Bir Derby işçisi işgali şöyle özetliyordu: “Eğer o gün sözleşme imzalansaydı, bizi satacaklardı. Ben 22 yıl boyunca sabah 8 akşam 17.30 çalıştım. İşgal günü sabah 8’de fabrikaya gittim. Boykot başladı dediler. Kapıları tuttuk. Kimseyi ne içeri ne dışarı bırakmadık. İşi olanlar sendikada söyleyip, gidip geliyordu. Bir akşam ben eve gelip gittim. Etrafa taş istifledi işçiler. Polis gelirse karşı koymak için. Polis de, asker de, kimse karışmadı bize. Lastik-İş az daha gidiyordu. İşgalle kurtuldu.

Derby işgalinin ardından anayasada yer almayan sendika referandumu, birçok işyerinde yine Derby benzeri işgallerle hayata geçirildi.
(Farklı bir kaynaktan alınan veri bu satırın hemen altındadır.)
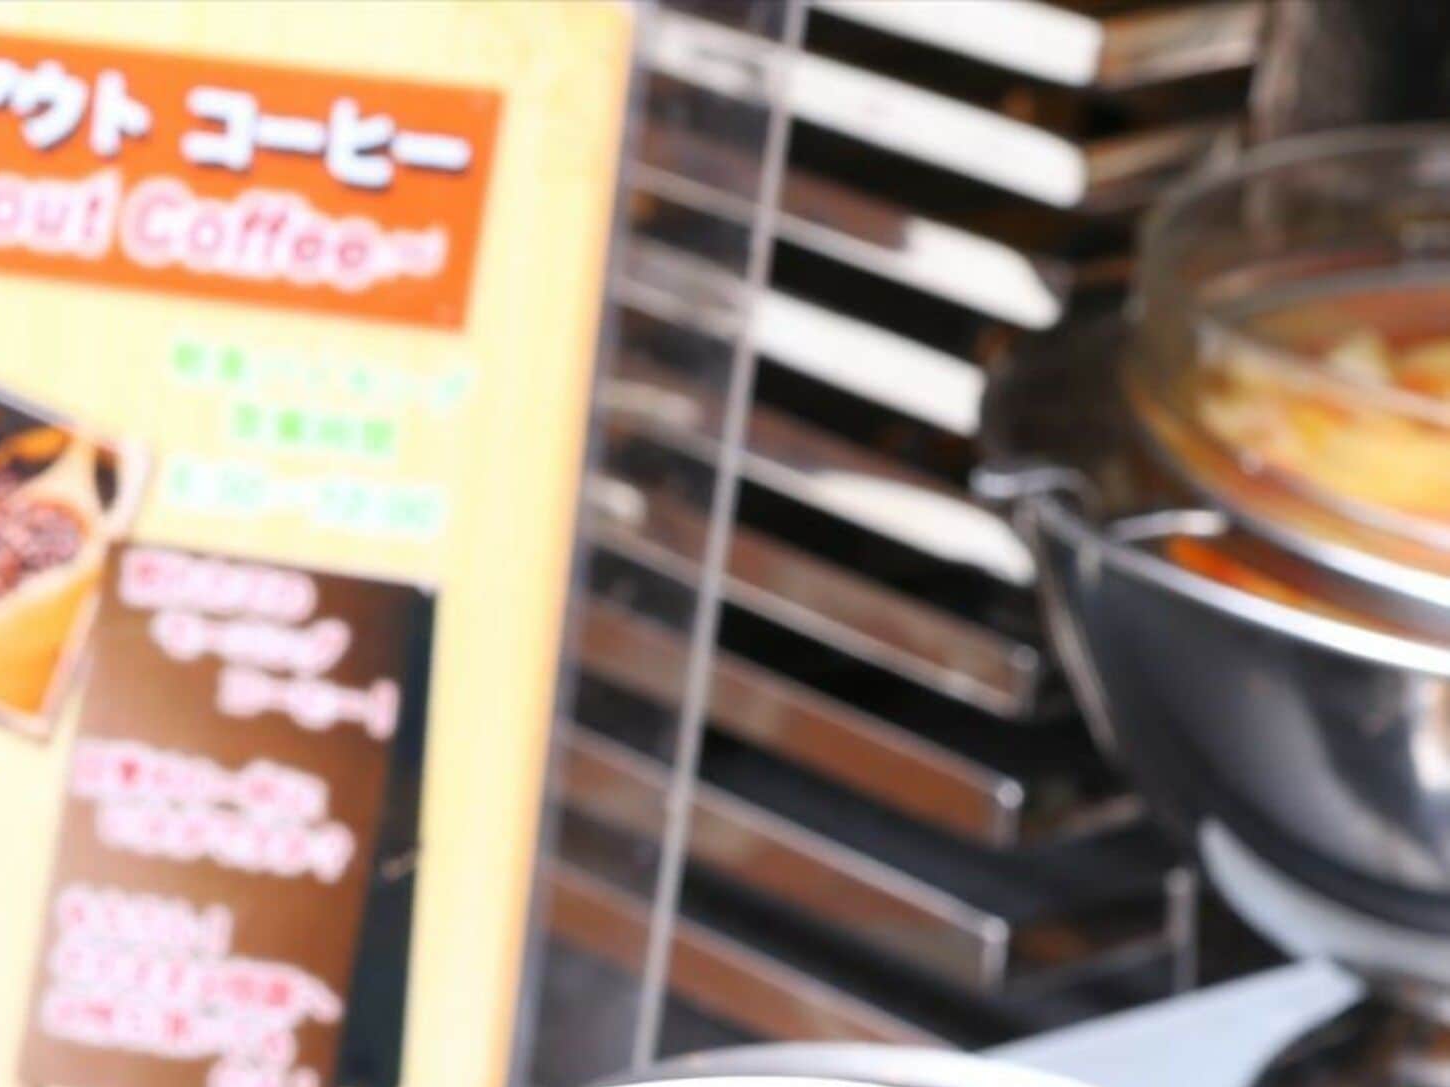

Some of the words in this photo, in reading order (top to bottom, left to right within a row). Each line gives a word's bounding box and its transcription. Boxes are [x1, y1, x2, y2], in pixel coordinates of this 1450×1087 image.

[181, 87, 473, 188] コーヒー
[124, 177, 379, 291] Coffee
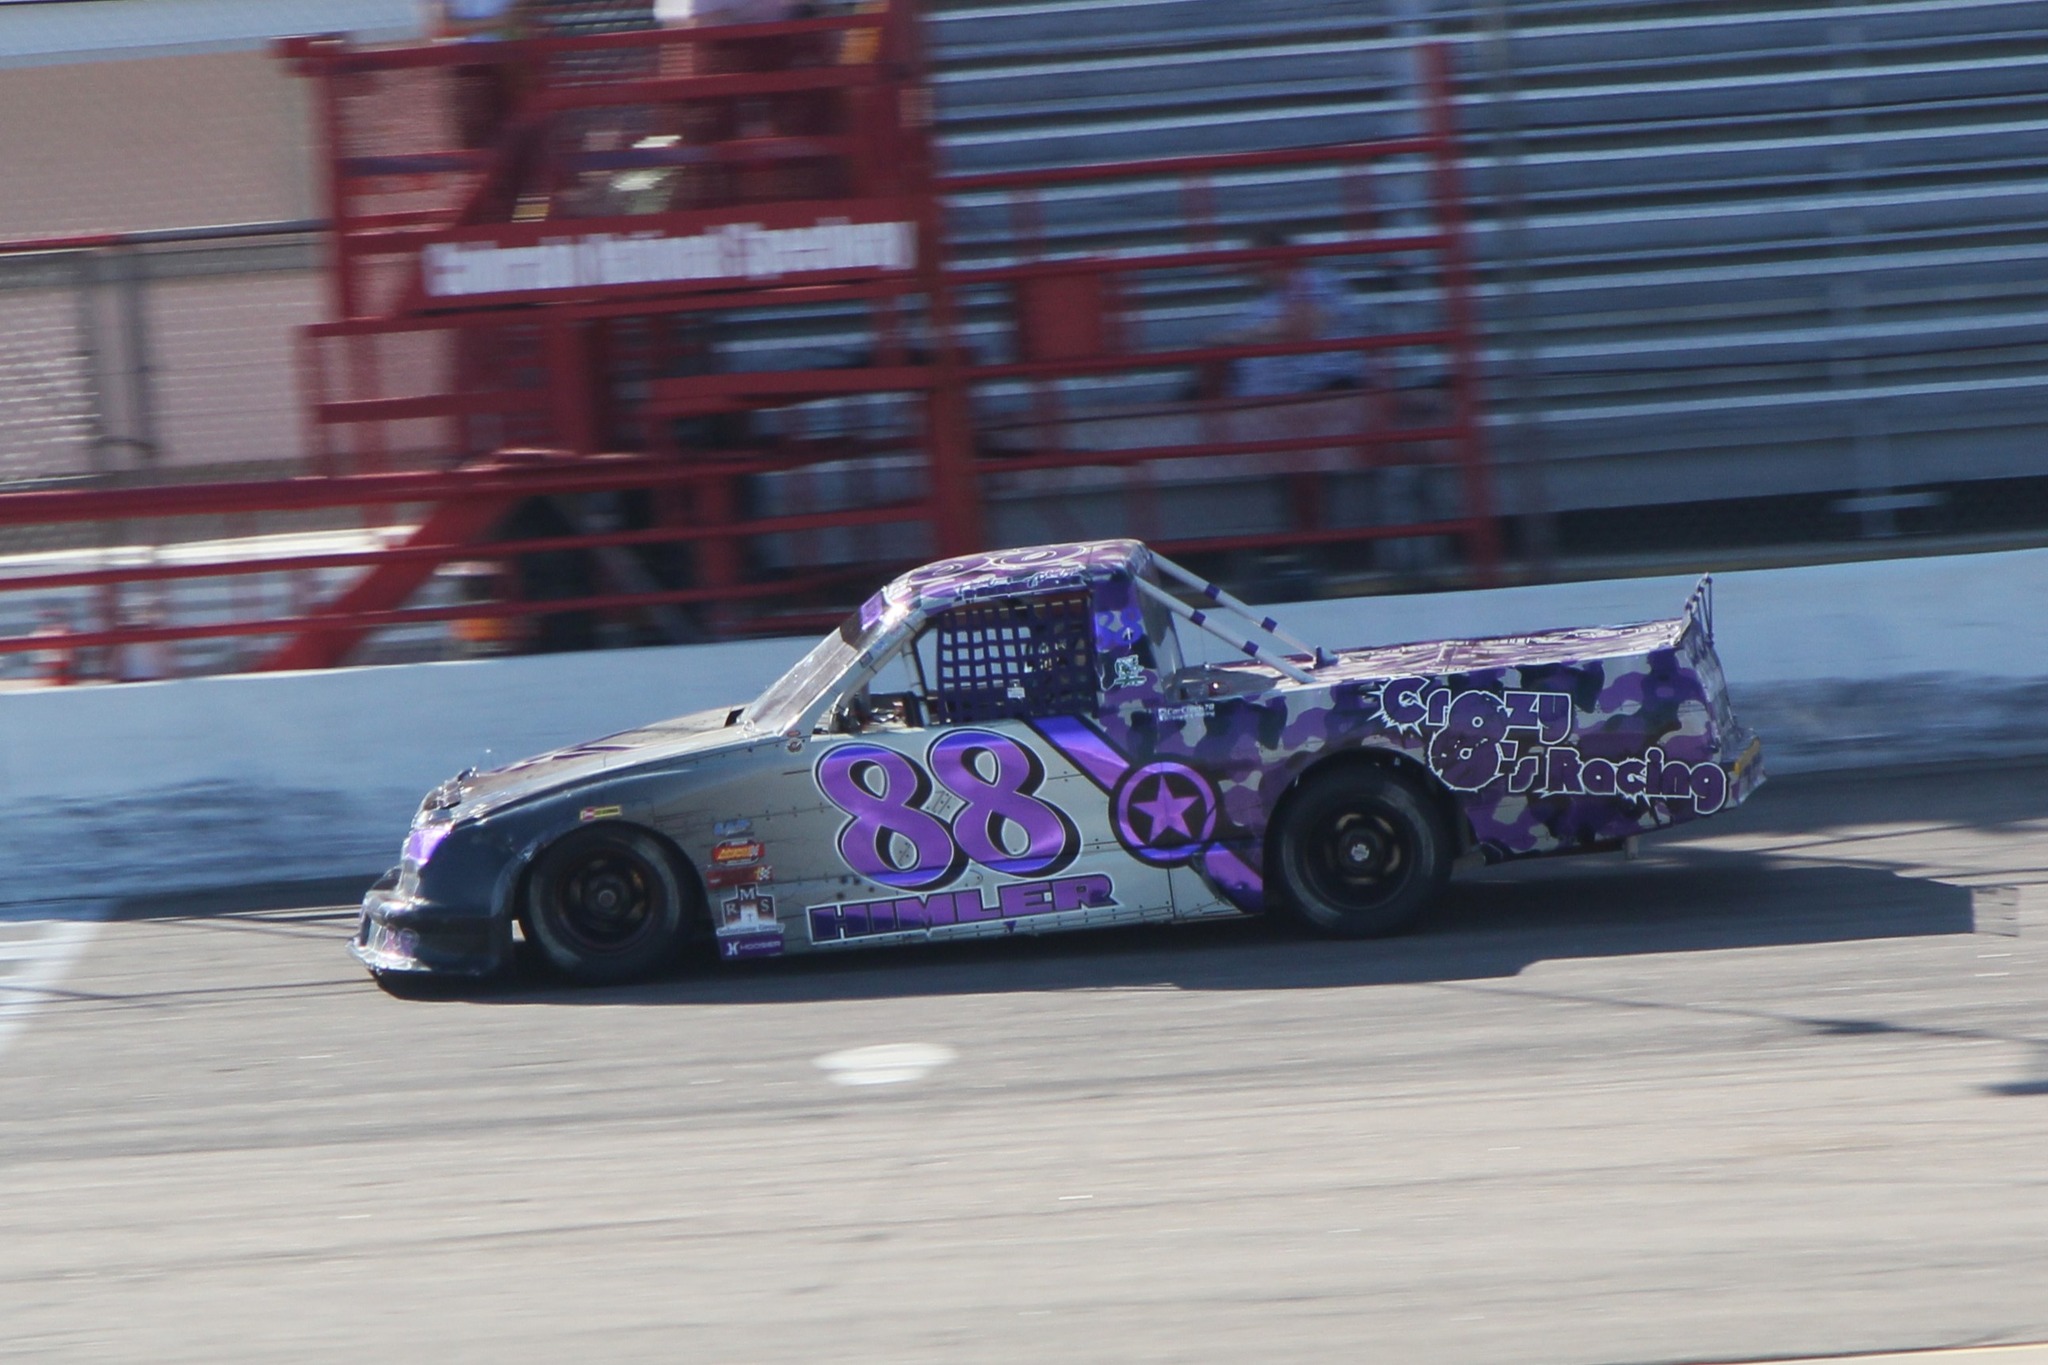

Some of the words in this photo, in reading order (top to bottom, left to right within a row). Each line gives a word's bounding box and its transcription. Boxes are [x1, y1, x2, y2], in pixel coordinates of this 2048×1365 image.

[813, 727, 1081, 892] 88
[1543, 747, 1726, 814] Racing
[807, 874, 1120, 943] HIMLER
Fabrika işgalleri giderek yaygınlaşmaya, militan bir boyuta evrilmeye başladı. Derby işgal eyleminin önemli ve onu tarihe yazan yanı, işçilerin geçici bir süre de olsa patronun mülkiyet hakkına el koyuyor olması idi. Patronun mülkiyet hakkından doğduğunu varsaydığı yönetme hakkını fiilen ortadan kaldırmış olmak Derby işgalini tarihe yazdı.

Derby işgali işçi sınıfının bugün içinde tutulduğu sömürü ve sendikal ağalık düzeninden kurtuluşun anahtarını tarihsel bir deneyim olarak gösteriyor. Sınıf hareketinin veya işbirlikçi-sendikal düzenin koltuk kapmacalarla değişeceğini düşünenler veya böylesi bir gaflet içerisinde olanlar dönüp dönüp Derby işgaline, işçi sınıfının tarihine bakmalıdır.